BMC Bioinformatics. 2023 Jun 12;24(1):247. doi: 10.1186/s12859-023-05366-1.
Simulating DNA evolution has been done through coevolution-agnostic probabilistic frameworks for the past 3 decades. The most common implementation is by using the converse of the probabilistic approach used to infer phylogenies which, in the simplest form, simulates a single sequence at a time. However, biological systems are multi-genic, and gene products can affect each other's evolutionary paths through coevolution. These crucial evolutionary dynamics still remain to be simulated, and we believe that modelling them can lead to profound insights for comparative genomics.
Here we present CastNet, a genome evolution simulator that assumes each genome is a collection of genes with constantly evolving regulatory interactions in between them. The regulatory interactions produce a phenotype in the form of gene expression profiles, upon which fitness is calculated. A genetic algorithm is then used to evolve a population of such entities through a user-defined phylogeny. Importantly, the regulatory mutations are a response to sequence mutations, thus making a 1-1 relationship between the rate of evolution of sequences and of regulatory parameters. This is, to our knowledge, the first time the evolution of sequences and regulation have been explicitly linked in a simulation, despite there being a multitude of sequence evolution simulators, and a handful of models to simulate Gene Regulatory Network (GRN) evolution. In our test runs, we see a coevolutionary signal among genes that are active in the GRN, and neutral evolution in genes that are not included in the network, showing that selective pressures imposed on the regulatory output of the genes are reflected in their sequences.

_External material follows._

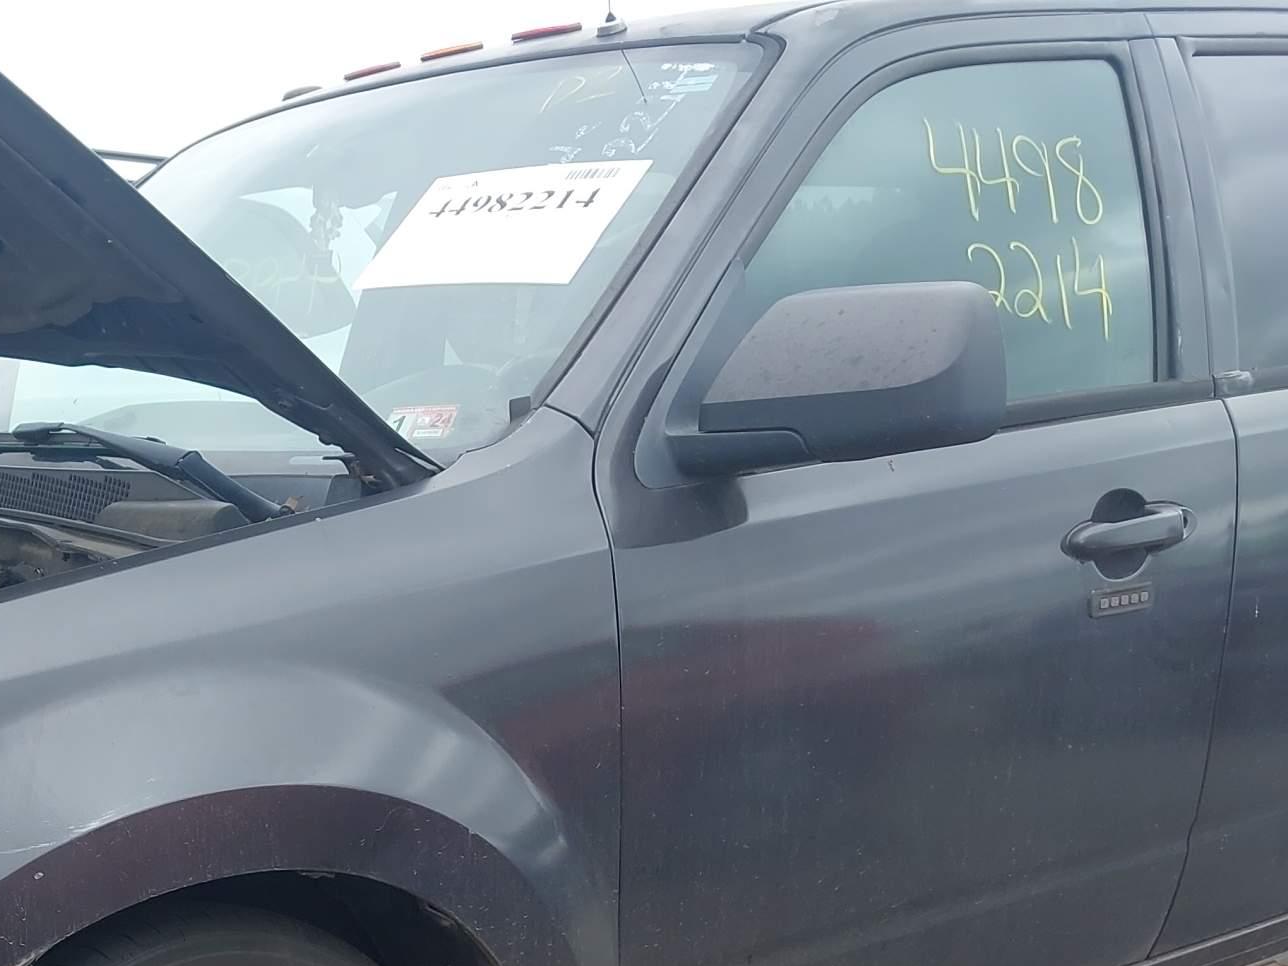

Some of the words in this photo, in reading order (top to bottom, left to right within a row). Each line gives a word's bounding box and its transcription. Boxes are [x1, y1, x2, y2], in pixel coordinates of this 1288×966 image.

[429, 187, 601, 218] 44982214
[923, 117, 1103, 226] 4498
[967, 236, 1113, 341] 2214

We believe that CastNet represents a substantial step for developing new tools to study genome evolution, and more broadly, coevolutionary webs and complex evolving systems. This simulator also provides a new framework to study molecular evolution where sequence coevolution has a leading role.

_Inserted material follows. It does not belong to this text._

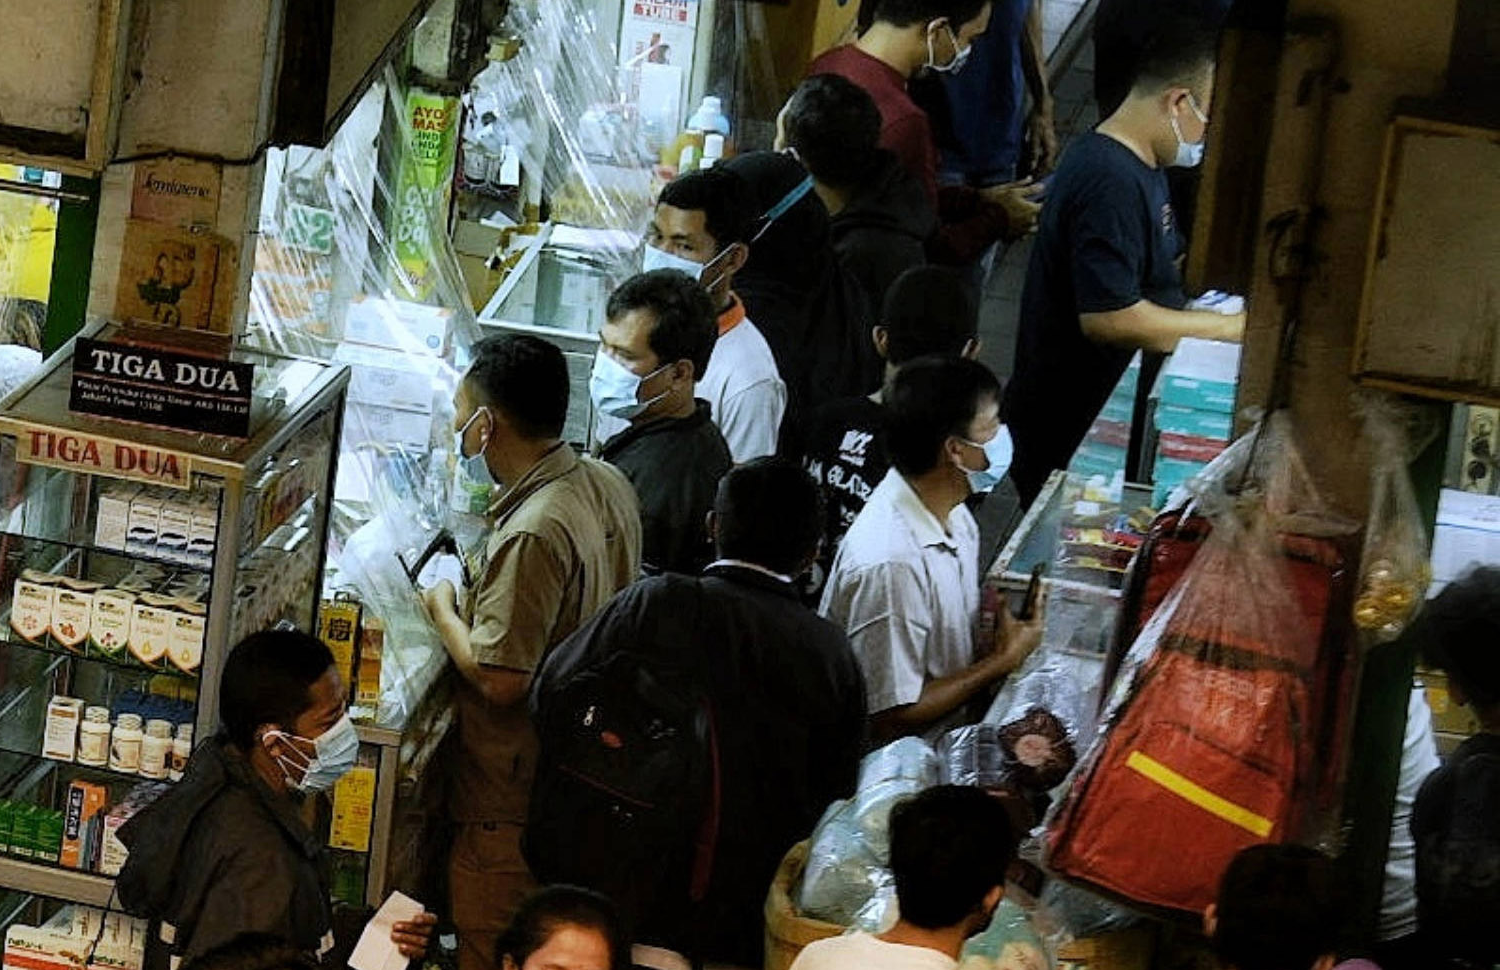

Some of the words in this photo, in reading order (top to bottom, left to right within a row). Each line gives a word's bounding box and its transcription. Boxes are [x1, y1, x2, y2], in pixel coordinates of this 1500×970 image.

[91, 349, 165, 381] TIGA
[174, 363, 240, 392] DUA
[27, 430, 101, 467] TIGA
[114, 443, 181, 480] DUA

在过去的 30 年中,通过共进化无关的概率框架模拟 DNA 进化已经成为一种常见的方法。最常见的实现方式是使用推断系统发育的概率方法的逆方法,该方法最简单的形式是一次模拟一个序列。然而,生物系统是多基因的,基因产物可以通过共进化相互影响彼此的进化路径。这些关键的进化动态仍然需要被模拟,我们相信对它们进行建模可以为比较基因组学带来深刻的见解。
在这里,我们提出了 CastNet,这是一种基因组进化模拟器,它假设每个基因组都是一组基因,这些基因之间存在不断进化的调控相互作用。这些调控相互作用以基因表达谱的形式产生表型,然后根据表型计算适应性。然后,使用遗传算法通过用户定义的系统发育来进化这样的实体群体。重要的是,调控突变是对序列突变的反应,因此序列和调控参数的进化速率之间存在一一对应关系。据我们所知,这是第一次在模拟中明确地将序列和调控的进化联系起来,尽管有许多序列进化模拟器,以及少数用于模拟基因调控网络(GRN)进化的模型。在我们的测试运行中,我们看到了在 GRN 中活跃的基因之间存在共进化信号,而不在网络中的基因则表现出中性进化,这表明施加在基因调控输出上的选择压力反映在它们的序列中。
我们相信 CastNet 代表了开发新工具来研究基因组进化的重要一步,更广泛地说,代表了研究共进化网络和复杂进化系统的重要一步。这个模拟器还提供了一个新的框架来研究分子进化,其中序列共进化起着主导作用。